A group of seasoned cowboys came next, men who rode carelessly, shoulders rounded, legs stiff, rein hands raised as they clutched their hats and spurred their horses to a fast gallop past the crowd as if they had little time to waste. Graver could feel Dulcinea restless beside him on the splintered bench until three flag girls came trotting in, glancing anxiously at the snapping cloth over their heads and then at each other to keep their horses abreast and to not drop the flags. The crowd rose, placed their hands over their hearts, and the little band by the announcer's stand broke into “America the Beautiful,” the tempo too slow and the piano off key.

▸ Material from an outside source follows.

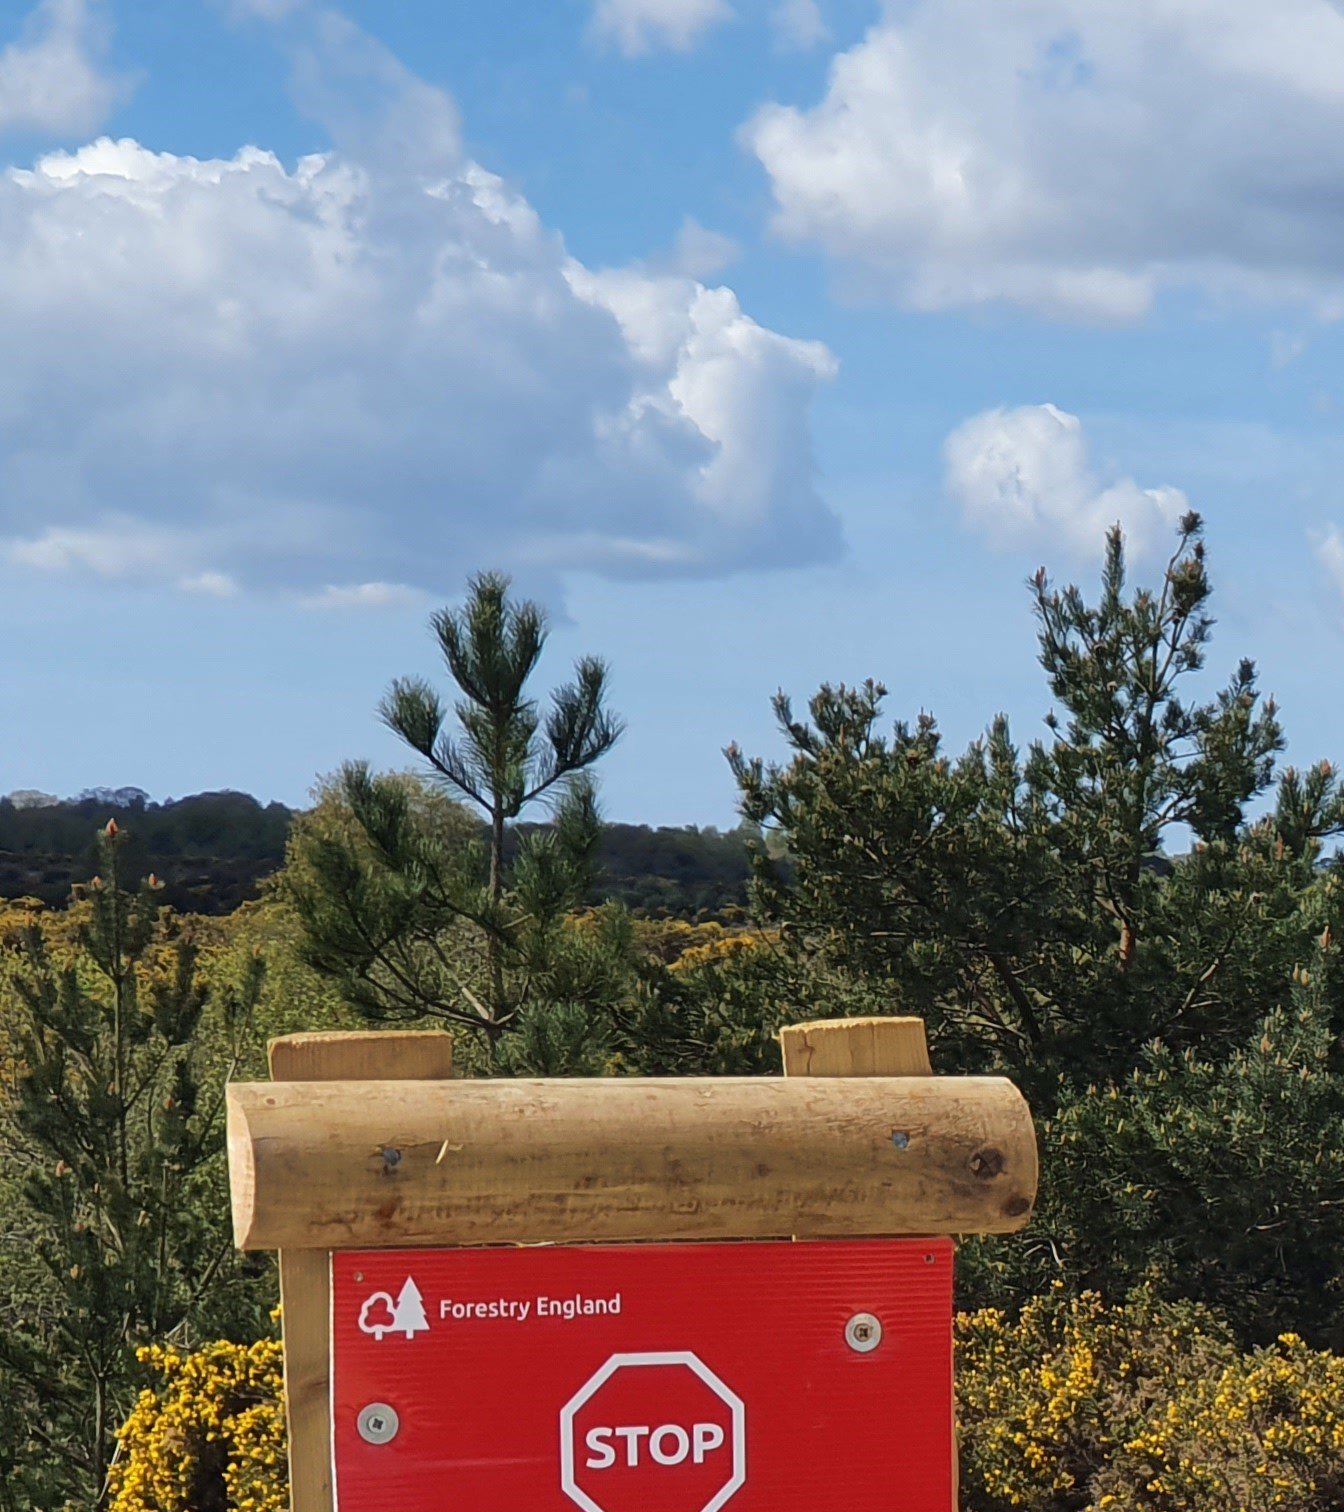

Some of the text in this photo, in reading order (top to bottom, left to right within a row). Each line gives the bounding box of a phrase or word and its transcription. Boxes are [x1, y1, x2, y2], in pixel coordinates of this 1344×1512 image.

[439, 1293, 621, 1321] Forestry England
[586, 1423, 724, 1469] STOP

After that it was a group of Sioux riders in full regalia. They pulled a travois and whole families walked alongside. The men
were mounted on horses decorated with war paint and feathers. Some Horses and Rose walked in the middle of the group, with Lily leading Dulcinea's dog painted with a circle around his eye and a feather tied to the rope around his neck. Graver hoped she wouldn't notice, but she gave a sharp intake of breath and pointed her chin at the ring.

“That's my dog.”

“Yes, ma'am,” Graver said.

“Looks happy, doesn't he? And what horse is that?”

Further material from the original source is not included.